2023-08-14 10:37:30 ET
Summary
- indie Semiconductor sold off despite strong quarterly earnings, leaving the stock stuck below $10.
- The company forecasts maintaining 100% growth, yet the stock still appears in the penalty box due to the SPAC transaction.
- The stock trades at only 4x forward sales, which is similar to slow growth mega-cap semiconductor stocks.
indie Semiconductor ( INDI ) had a bizarre sell-off following another great quarterly earnings report. The Autotech semiconductor company continues growing revenues at a 100% clip, but the stock remains stuck below $10. My investment thesis remains ultra Bullish on indie now trading at only $7.50 following the post Q2 selloff.
Monster Opportunity
Quarter after quarter, indie Semi. reinforces the monster opportunity ahead in the Autotech sector. The company reported another big quarter as follows:
indie Semi. didn't report an impressive beat, but the real focus should be on the achievement of 102% revenue growth. The stock trades below levels from the last couple of quarters where the company again reported triple-digit growth.

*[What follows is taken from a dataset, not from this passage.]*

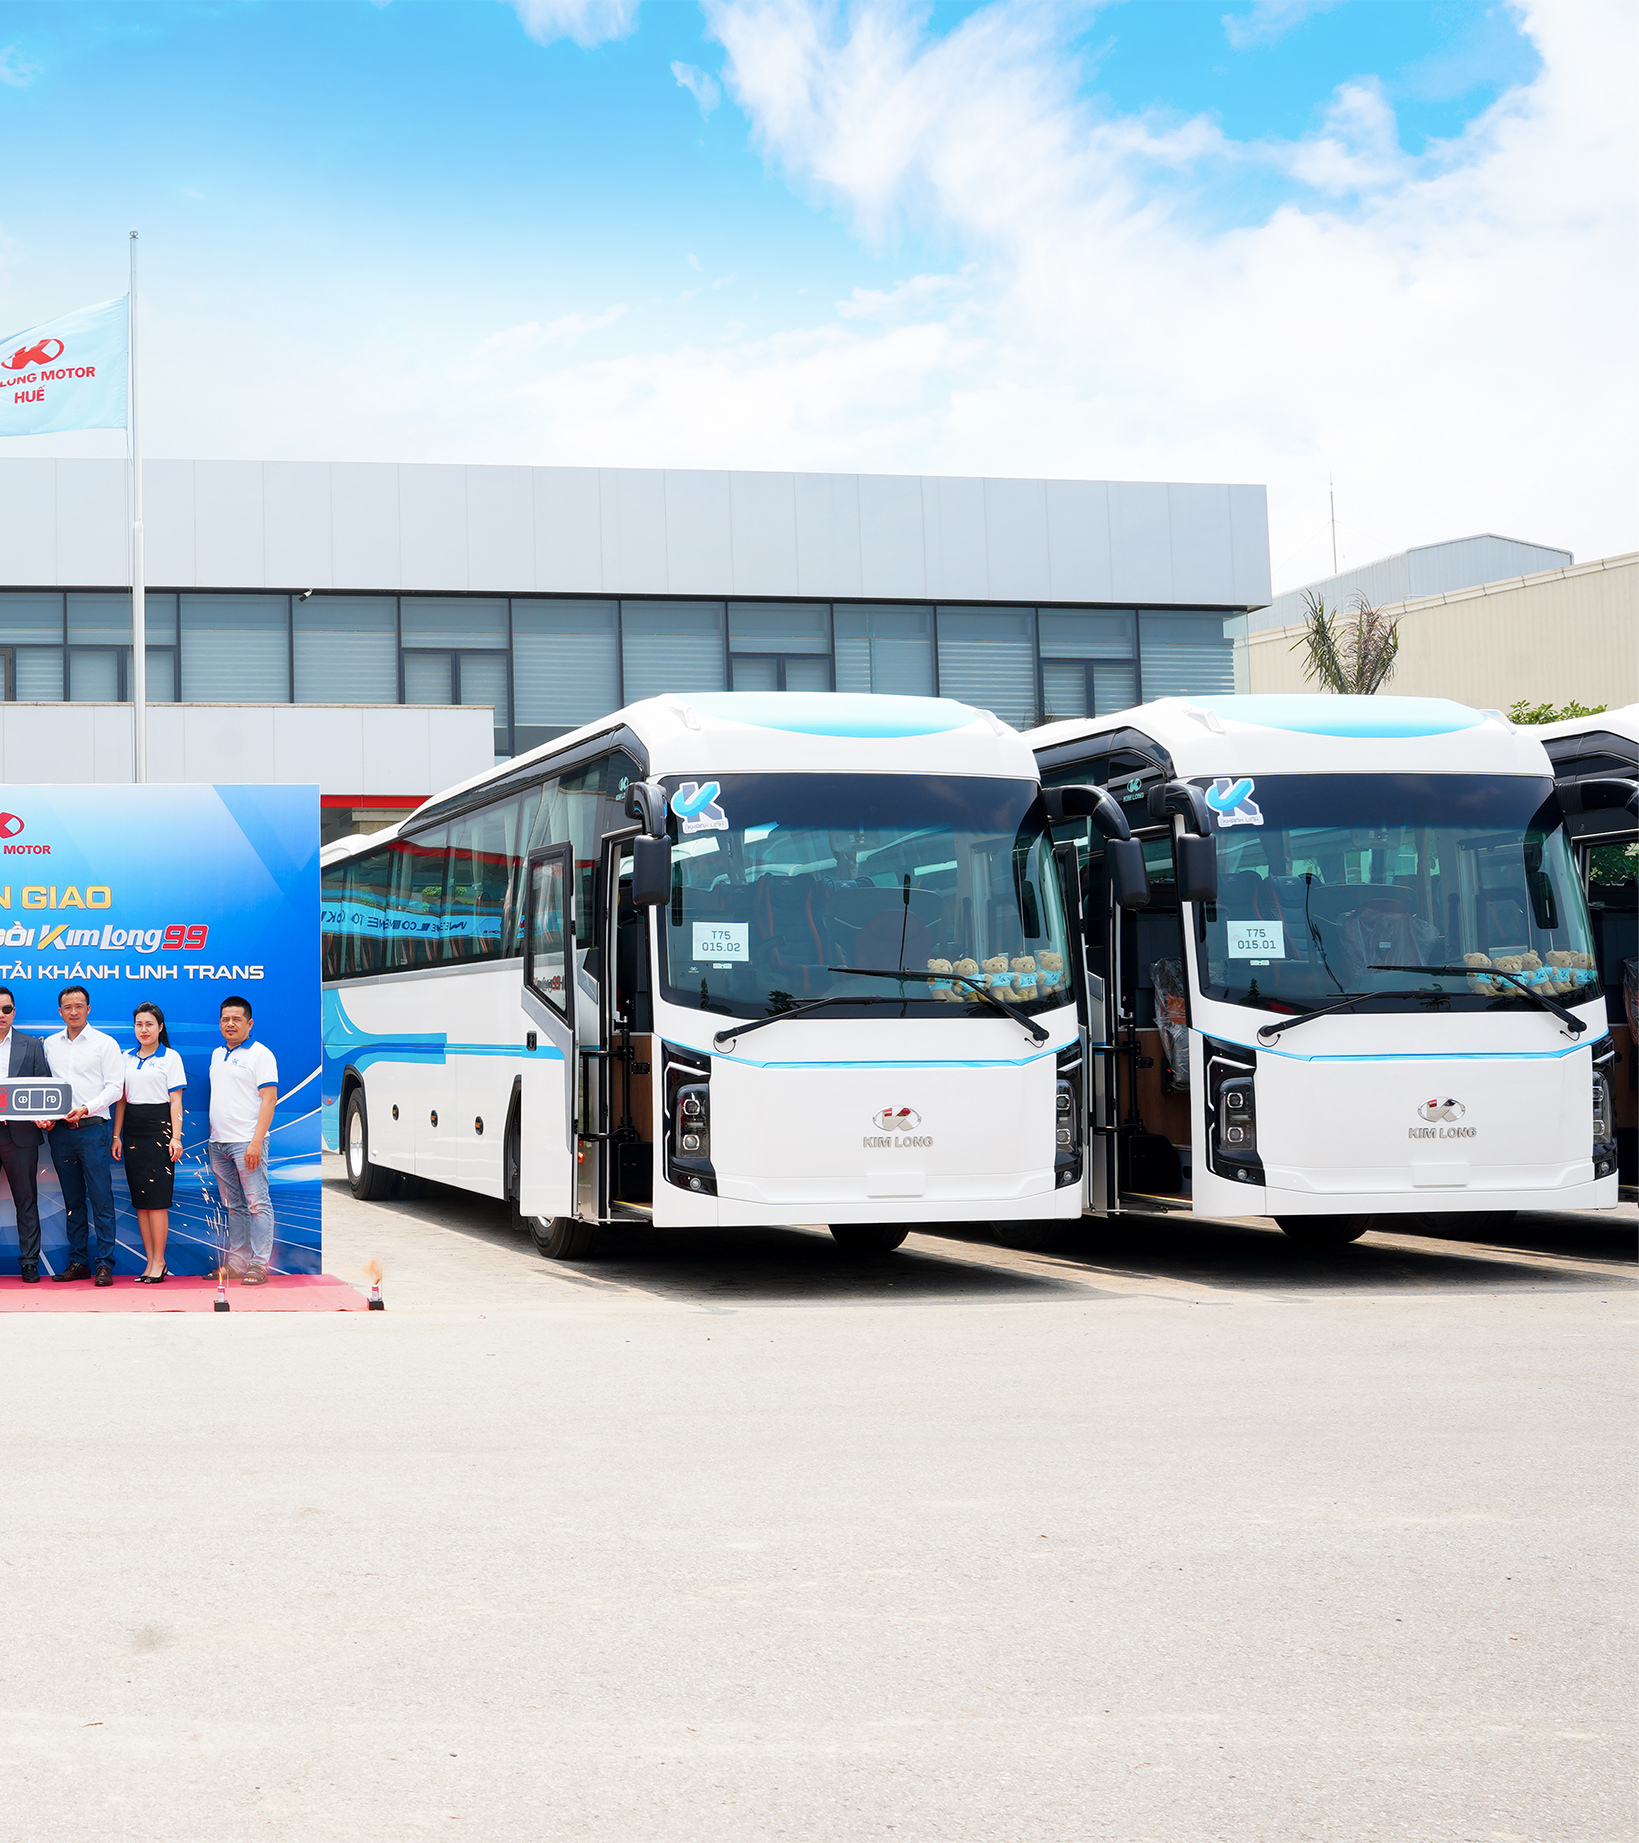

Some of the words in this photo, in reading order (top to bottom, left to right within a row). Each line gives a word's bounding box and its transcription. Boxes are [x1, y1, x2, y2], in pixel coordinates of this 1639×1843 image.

As with a lot of SPACs, the stocks appear stuck below $10 regardless of the quarterly results. indie reported Q2 revenue of $52 million, up from less than $20 million at the end of 2021 when the stock actually traded above $10.
The perplexing part is that indie hit solid gross margins of 52.2%. The goal is to reach 60% gross margins, but the semi. company remains relatively small to max out margins.
Considering the massive $48 billion opportunity in the Autotech space in several megatrends, indie continues to aggressively invest in building the business via acquisitions of key technologies like computer vision and radar. The end result is R&D expenses up ~50% YoY to $42 million.
Due to the ongoing spending, the non-GAAP loss remained at $16 million. The market probably wanted to see indie eliminate some of the ongoing losses in this environment, but indie is probably being too aggressive trying to turn a profit in Q4.
Per the CFO Tom Schiller on the Q2'23 earnings call :
So, it's accelerating growth into Q4, continued gross margin expansion, and then operating leverage. We actually expect Q4 OpEx to tick down because for Q2 and Q3, we're seeing higher tape out costs, mass costs coming through. But that'll reduce in Q4. So, all of those factors get us to profitability next quarter .
Big Guidance
indie forecasts revenue growing at least 100% this year with the Q3 guidance for a revenue run rate of $240 million, equivalent to $60 million for the quarter. The company just reported $52 million in Q2 revenues and guided to a 15% sequential increase, but the consensus analyst estimates were for revenues to reach up to $65 million for Q3.
In order to reach the 100% revenue growth for the year, indie will have to hit at least $70 million in Q4. The consensus estimates are for revenues to top $73 million.
The company has a fully diluted share count of 164 million placing the market cap at $1.2 billion. indie has $156 million in outstanding debt due to some of the deals, but the semi. company has $181 million in cash to offset the debt.
Considering the annual run rate is set to reach $240 million this quarter, the stock is incredibly appealing on this growth rate. The stock only trades at ~5x current sales.
Once looking at 2024 sales targets of $360 million, indie trades at less than 4x sales targets. Both multiples are extremely appealing for a company growing revenues at a 100% clip.
The CEO is very aggressive with a $1 billion sales target for 2028, but the Autotech sector offers a ton of growth. The key here is to buy the stock for the growth opportunities when indie isn't trading like a semi. stock with tremendous growth ahead.
The stock actually trades right in the range of other automotive semi. stocks like NXP Semiconductors ( NXPI ) and ON Semiconductor ( ON ). The indie multiple isn't fully accurate in the below chart due to the company reporting GAAP losses and the chart not pulling in the fully diluted shares outstanding. The key is that the above calculation has the forward P/S multiple for indie still below NXP Semi. and ON Semi., though both are struggling to even grow.
The big dip for indie following earnings appears very irrational. In a lot of regards, the semi. company still appears in the penalty box due to the SPAC deal.
The market just has no confidence in guidance from these former SPACs for whatever reason, possibly due to the lack of key analyst coverage. An Autotech semi. company with 100% growth would normally have more than 5 analysts on the earnings call and key IPO investment banks like Goldman Sachs, Morgan Stanley and BoA would normally cover the stock.
Takeaway
The key investor takeaway is that indie is appealing on any dips. The stock trades at a normal valuation for a semi. stock, yet the company is reporting 100% sales growth in the hot Autotech sector.